O Reino Unido anunciou que enviará 600 mísseis Brimstone; A Dinamarca ofereceu 19 howitzers Caesar de fabricação francesa e a Suécia prometeu seu sistema de artilharia Archer.

O anúncio das armas foi feito um dia antes de autoridades de cerca de 50 países, incluindo os 30 membros da Otan, reunirem-se em Ramstein, Alemanha, para discutir a ajuda à Ucrânia.

- Sem tanques de EUA e Alemanha -

Estados Unidos e Alemanha não atenderam ao pedido do presidente ucraniano, Volodymyr Zelensky, para que fornecessem seus tanques mais modernos, que, segundo o Kremlin, levariam a uma "escalada perigosa da guerra".

O chanceler alemão, Olaf Scholz, enfrenta uma pressão crescente na Europa para autorizar a venda de tanques alemães Leopard antes da reunião. No Fórum Econômico Mundial, em Davos, Scholz disse aos congressistas americanos que a Alemanha forneceria tanques pesados à Ucrânia se os Estados Unidos fizessem o mesmo, disse um congressista americano à AFP. Mas Berlim deixou as portas abertas para permitir que os aliados abasteçam a Ucrânia com tanques.

O ministro da Defesa da Lituânia, Arvydas Anusauskas, garantiu à AFP que "alguns países enviarão" tanques Leopard à Ucrânia e prometeu "mais notícias" durante a reunião.
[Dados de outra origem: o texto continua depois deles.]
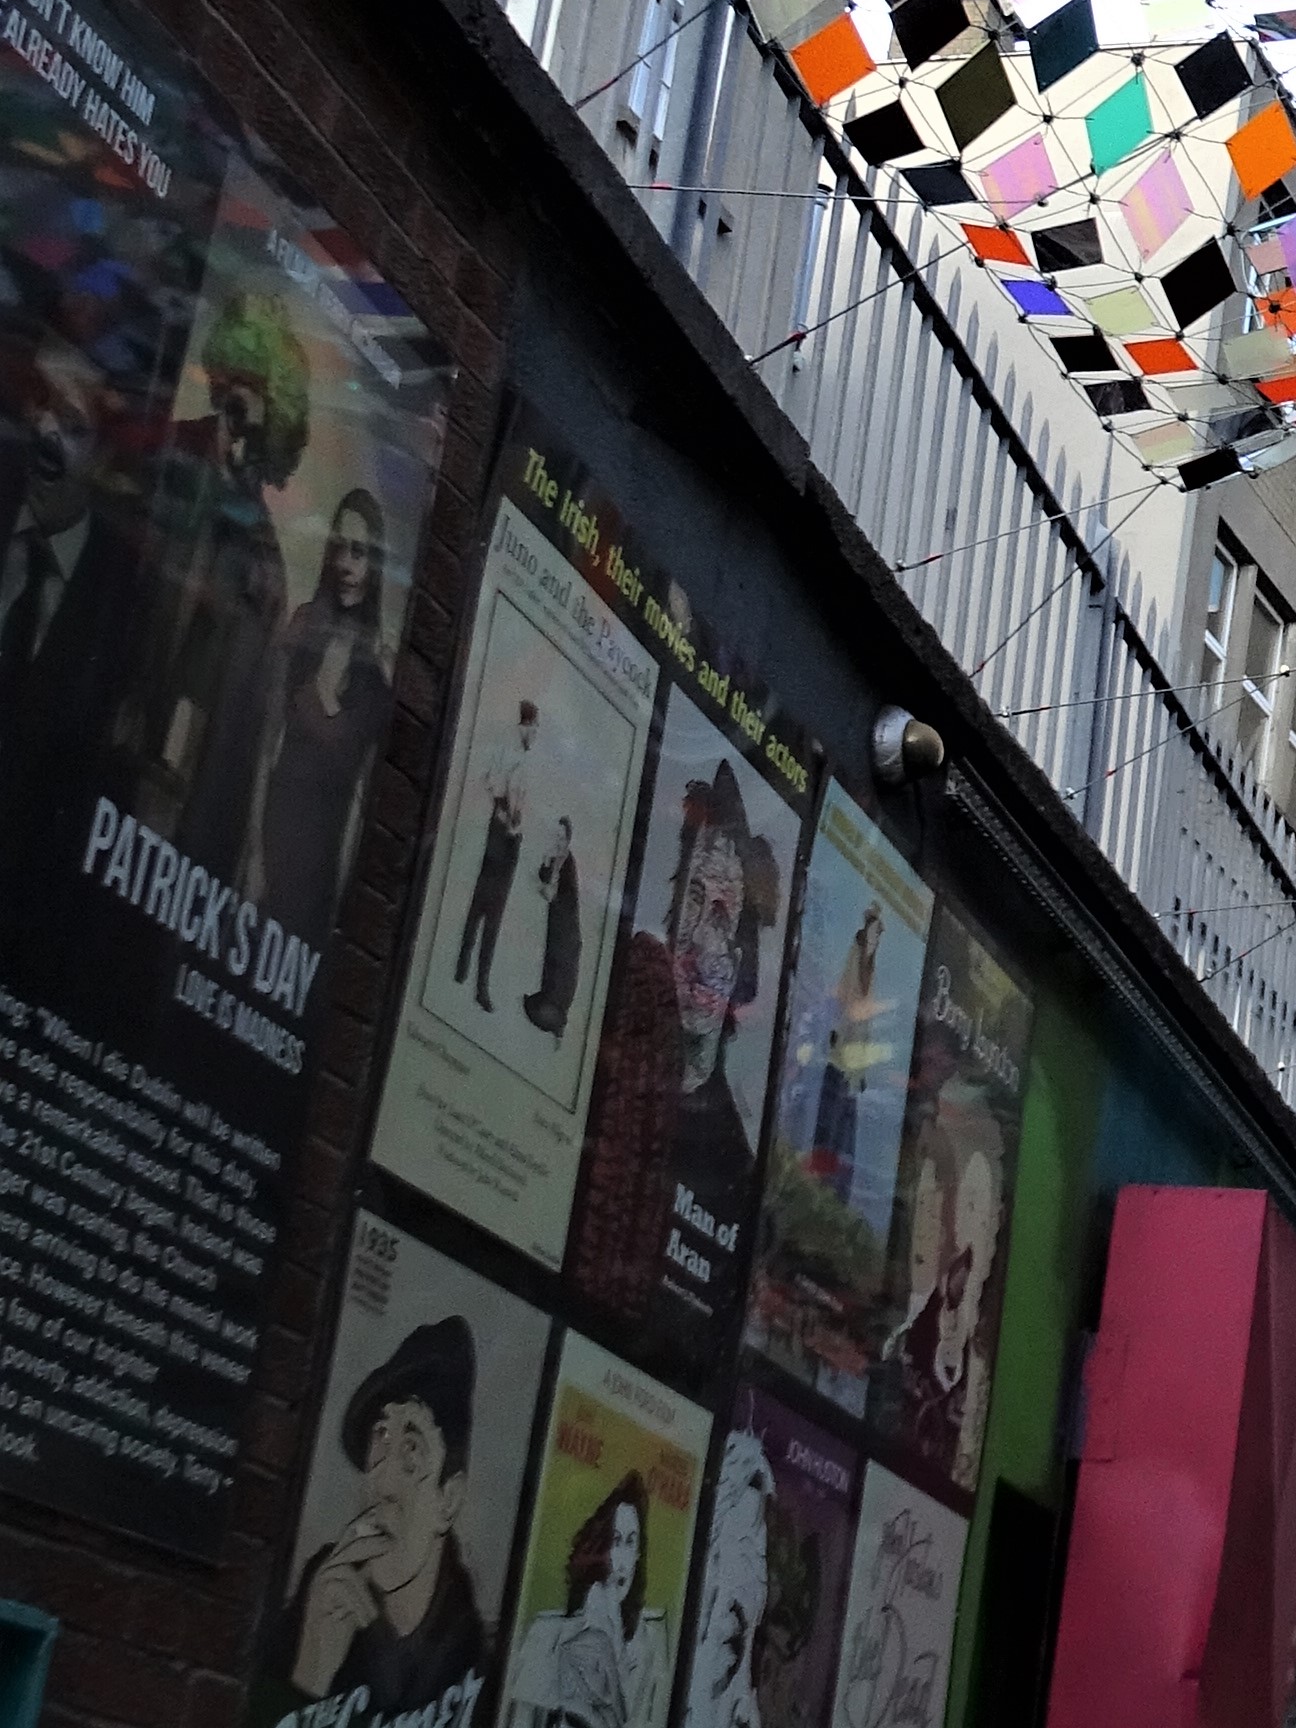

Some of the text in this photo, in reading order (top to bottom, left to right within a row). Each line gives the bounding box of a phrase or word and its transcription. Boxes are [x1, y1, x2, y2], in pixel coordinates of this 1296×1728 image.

Em visita a Kiev, o chefe do Conselho Europeu, Charles Michel, defendeu a entrega de tanques.

Sobre as ofertas, o assessor ucraniano Mikhailo Podoliak disse que "é hora de parar de tremer diante de Putin e dar o passo final. A Ucrânia precisa de tanques, que são a chave para encerrar a guerra adequadamente", publicou no Twitter.

- Chefe da CIA -

Uma autoridade americana confirmou que o diretor da Agência Central de Inteligência (CIA), William Burns, visitou Kiev nos últimos dias, enquanto a Ucrânia se preparava para o que alguns acreditam serem os planos russos de ofensiva. "O diretor Burns viajou a Kiev, onde se reuniu com seus pares da inteligência ucraniana, bem como com o presidente Zelensky, e reafirmou nosso apoio contínuo à sua defesa contra a agressão russa", disse a fonte.

O pacote americano tampouco inclui os mísseis de longo alcance ATA pedidos por Kiev, que permitiriam à Ucrânia atingir rotas de abastecimento e depósitos de armas russos além das linhas de combate, que não estão ao alcance de seus sistemas de foguetes Himars.

Os parceiros ocidentais da Ucrânia, no entanto, temem que Kiev use as armas de longo alcance para atingir profundamente o território russo ou a península da Crimeia, anexada pela Rússia, o que a Ucrânia prometeu não fazer.

O Kremlin alertou para uma escalada do conflito "a um novo nível" se o Ocidente atender as pedidos ucranianos mais recentes de armas de longo alcance.

Sirenes de alerta aéreo soaram hoje em Kiev e outras partes do país, um dia depois que um helicóptero se acidentou nos arredores da capital, matando o ministro do Interior do país e outras 13 pessoas. Zelensky informou que o caso é investigado.